Population (2009-12-31)
- • Total: 2,272
- • Density: 140/km^{2} (370/sq mi)
- Time zone: UTC+01:00 (CET)
- • Summer (DST): UTC+02:00 (CEST)
- Postal codes: 06466
- Dialling codes: 039482
- Vehicle registration: SLK
- Website: www.gatersleben.info

= Gatersleben =

Gatersleben (/de/) is a village and a former municipality in the district Salzlandkreis, in Saxony-Anhalt, Germany. Since 1 September 2010, it has been part of the town of Seeland. It is situated southwest of Magdeburg and northwest of Halle (Saale).

==Economy==

Agriculture and Biotechnology are the two major focus areas to promote economic development in and around the village. The Biotechpark Gatersleben, developed at the initiative of the State of Saxony-Anhalt, provides space for growing biotech companies. The Leibniz-Institute of Plant Genetics and Crop Plant Research IPK (https://www.ipk-gatersleben.de]), Gatersleben, is a nonprofit research institution for crop genetics and molecular biology and is part of the Leibniz Association.

At present, Gatersleben is rapidly becoming a center for “green” biotechnology.

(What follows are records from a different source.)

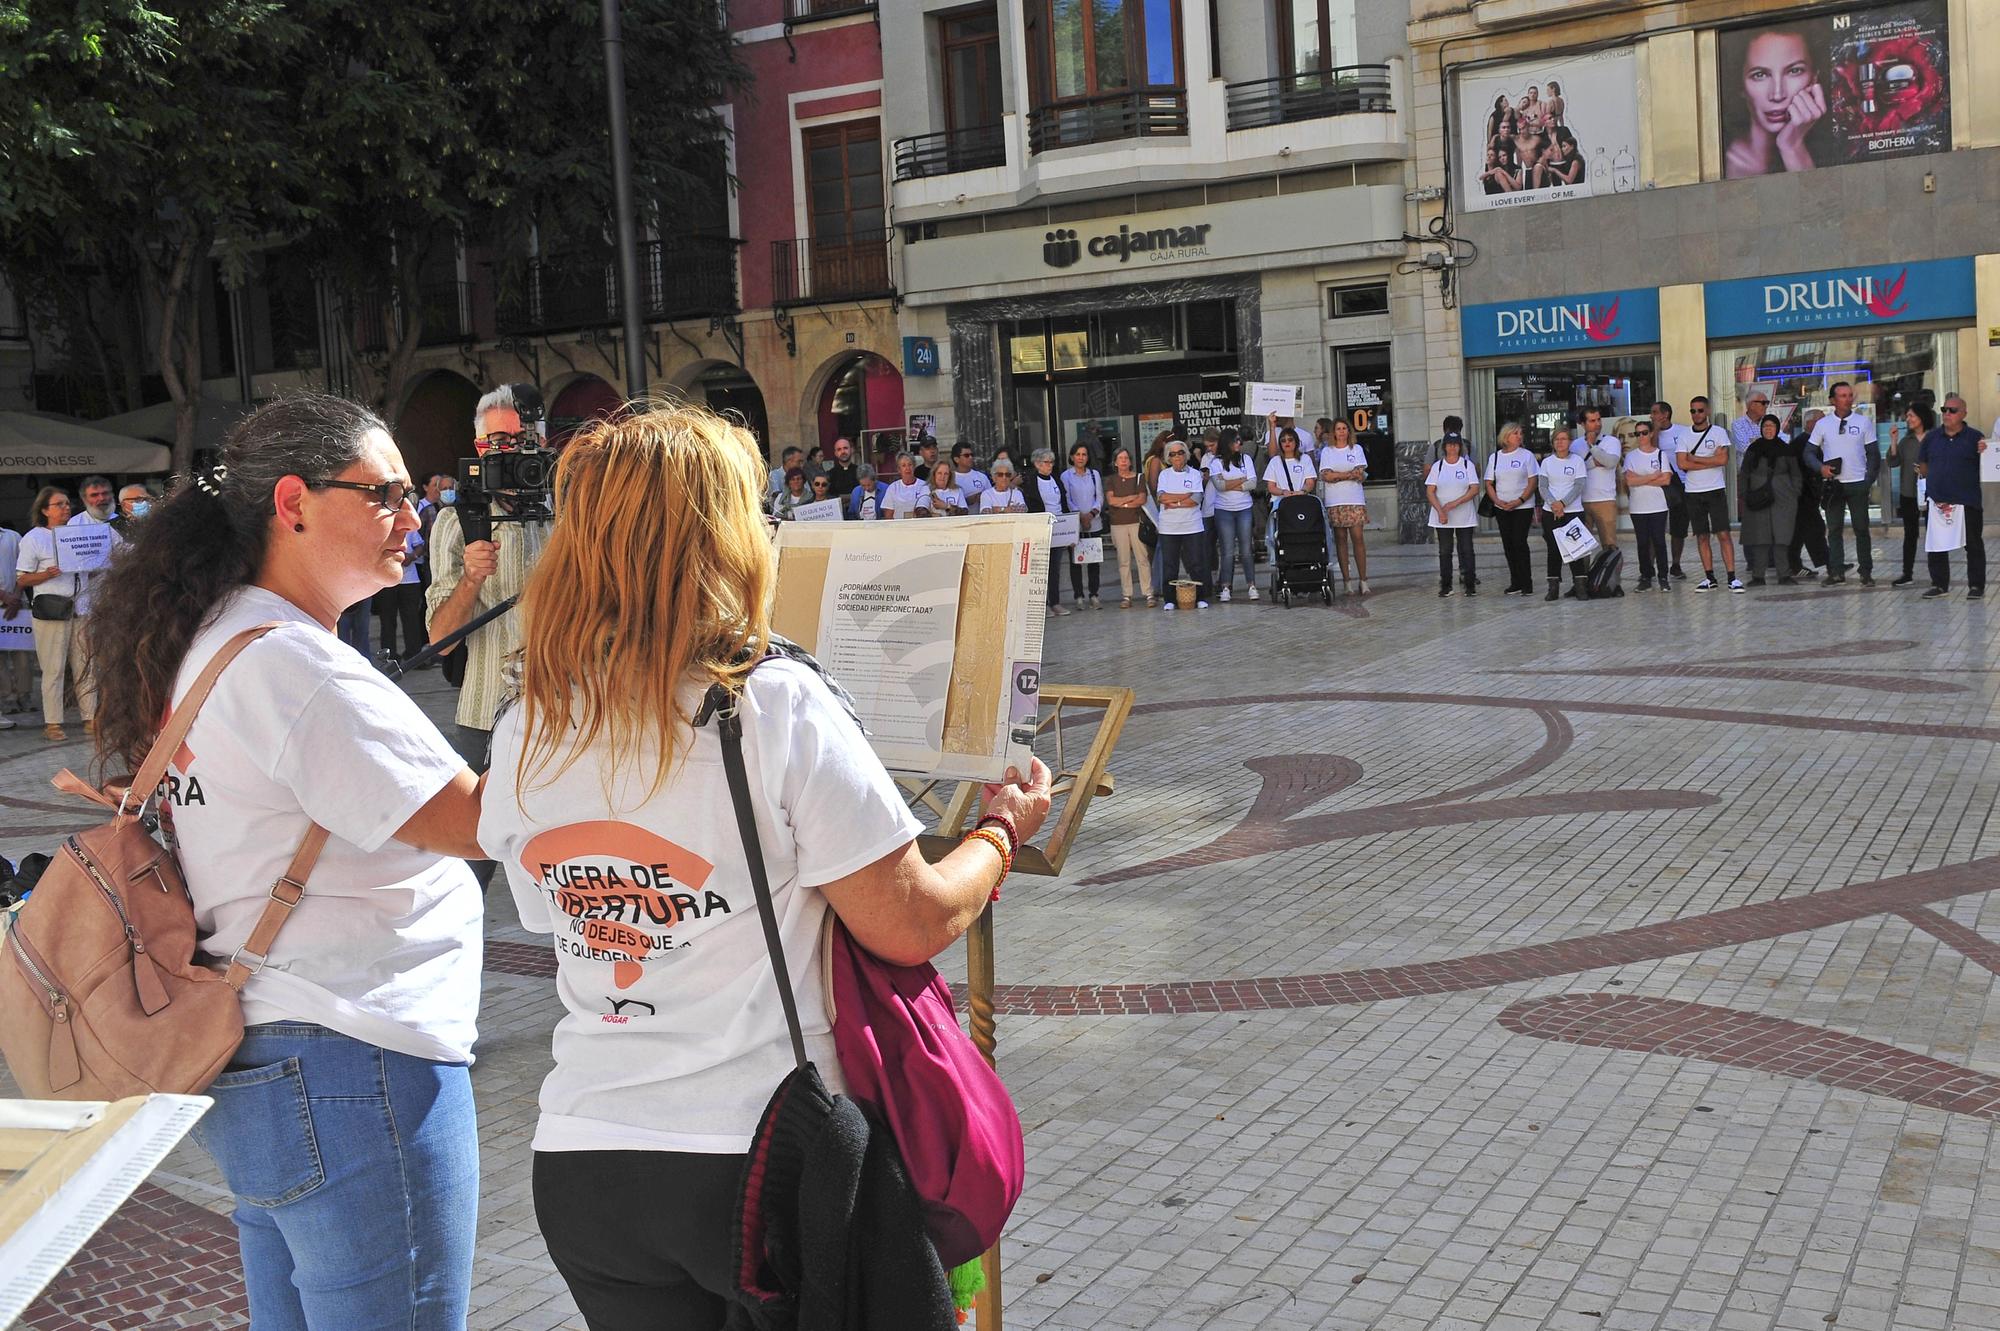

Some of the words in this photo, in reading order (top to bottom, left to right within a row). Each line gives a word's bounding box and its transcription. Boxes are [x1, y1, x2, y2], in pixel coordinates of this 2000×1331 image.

[1869, 136, 1915, 150] BIOTHERM
[1495, 198, 1512, 206] LOVE
[1551, 191, 1561, 199] OF
[1088, 224, 1212, 263] cajamar
[1150, 251, 1175, 262] CAJA
[1178, 247, 1211, 259] RURAL
[1764, 275, 1873, 314] DRUNI
[1497, 303, 1591, 338] DRUNI
[1767, 310, 1870, 326] PERFUMERIES
[1499, 334, 1589, 348] PERFUMERIES
[1178, 391, 1228, 402] BIENVENIDA
[1180, 409, 1200, 420] TRAE
[1201, 409, 1212, 417] TU
[1187, 416, 1221, 428] LLÉVATE
[60, 535, 88, 543] NOSOTROS
[844, 553, 882, 562] Manifiesto
[840, 583, 882, 592] ¿PODRÍAMOS
[883, 584, 901, 592] VIVIR
[838, 593, 850, 601] SIN
[850, 592, 885, 601] CONEXIÓN
[836, 603, 869, 612] SOCIEDAD
[869, 604, 934, 614] HIPERCONECTADA?
[539, 863, 628, 890] FUERA
[630, 863, 673, 889] DE
[569, 918, 586, 936] NO
[588, 924, 637, 947] DEJES
[640, 935, 674, 950] QUE

The establishment of SunGene, a plant biotechnology company and subsidiary of the BASF group, provided the principal impetus in 1998. Today, SunGene is a part of the BASF Plant Science organisation and has more than 60 employees and an ideal research environment in a modern laboratory building. Three other biotech firms, hived off from the IPK, work in a business centre completed in autumn 2000: TraitGenetics, Novoplant, and ArrayOn. Plantalytics GmbH, a small service company for photosynthetic metering, also operates on the campus.

Due to major structural problems in Saxony-Anhalt, such as a high rate of unemployment, Gatersleben, with its biotech-park, is of great importance to developing that area.

==G-Life==

Gatersleben combines rural village life in the plains of the Harz with an international community, creating a culture known as G-Life. The internationally known Leibniz-Institute of Plant Genetics and Crop Plant Research, IPK (https://www.ipk-gatersleben.de), together with the associated biotechnology companies, attract a diverse community from around Germany, Europe, and the world.

==Transport==

The major local modes of transport are buses and trains. The fares depend on the distance and region of travel.

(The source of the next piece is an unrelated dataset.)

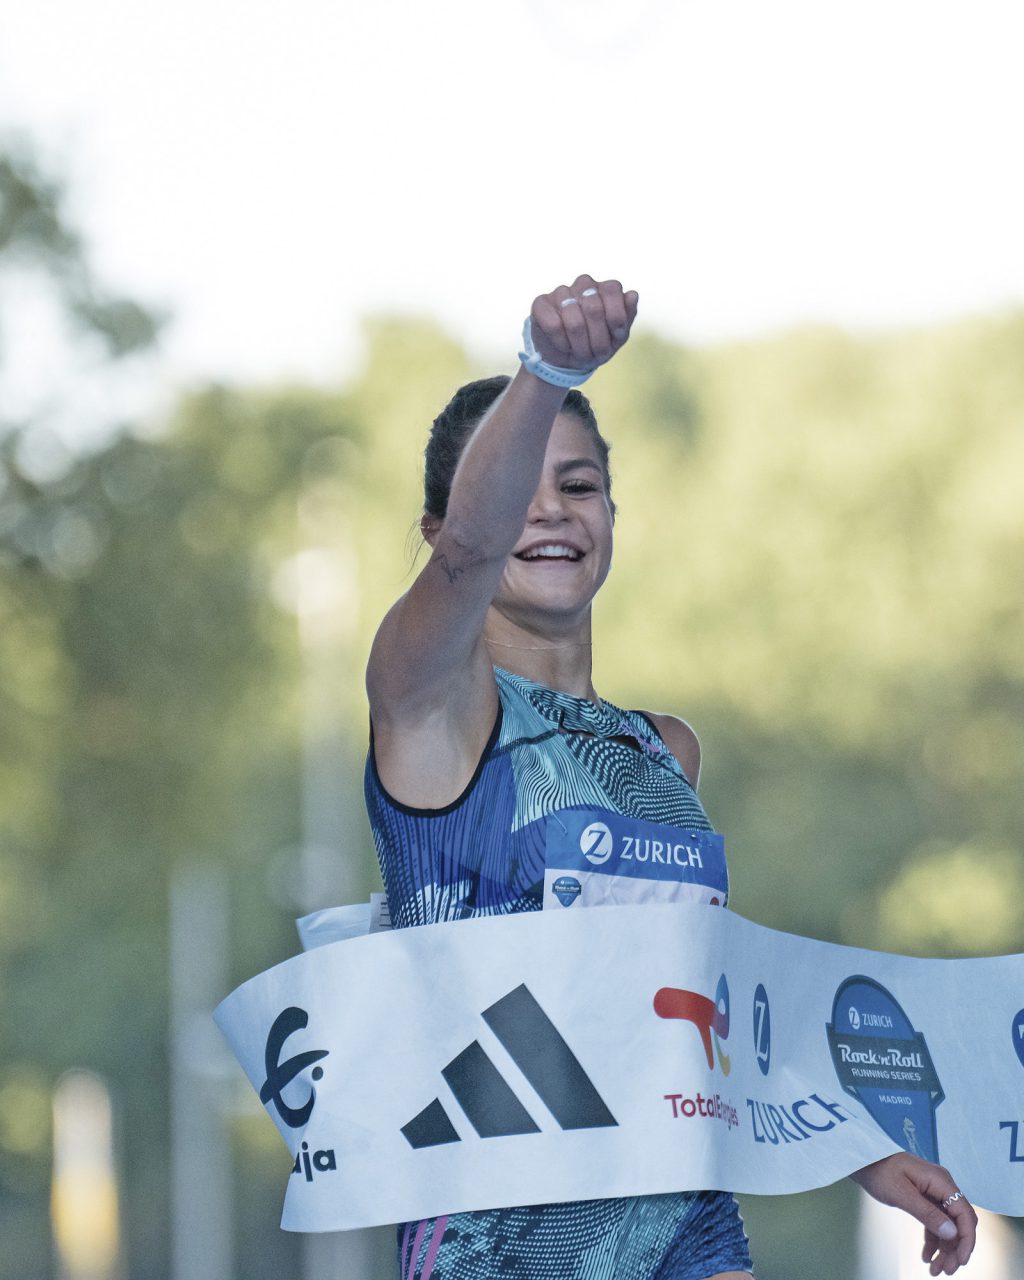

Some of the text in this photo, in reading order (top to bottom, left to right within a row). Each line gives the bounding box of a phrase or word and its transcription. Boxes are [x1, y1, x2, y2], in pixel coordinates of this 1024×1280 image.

The village occasionally has buses operated by QBUS that link to other towns and villages.

Both the national Deutsche Bahn DB regional train service and the local Harz Elbe Express (HEX Online) provide service to Gatersleben. The train service connects Halle to the southeast, and to the northwest, the HEX makes connections through Halberstadt, while the regional service from DB connects through Hannover.
The nearest airport is Magdeburg-Cochstedt Airport, located only 7 km from the village.
The nearest major airport is Leipzig/Halle Airport, located around 90 km south of the village.

==In and around the village==

Gatersleben is a small village with a traditional restaurant/pub, a bank, a post office, a supermarket, a hardware store, and a drugstore.

The nice landscape of the village is worth watching during different seasons. Beautiful communities like Wernigerode, Quedlinburg, etc. surround Gatersleben.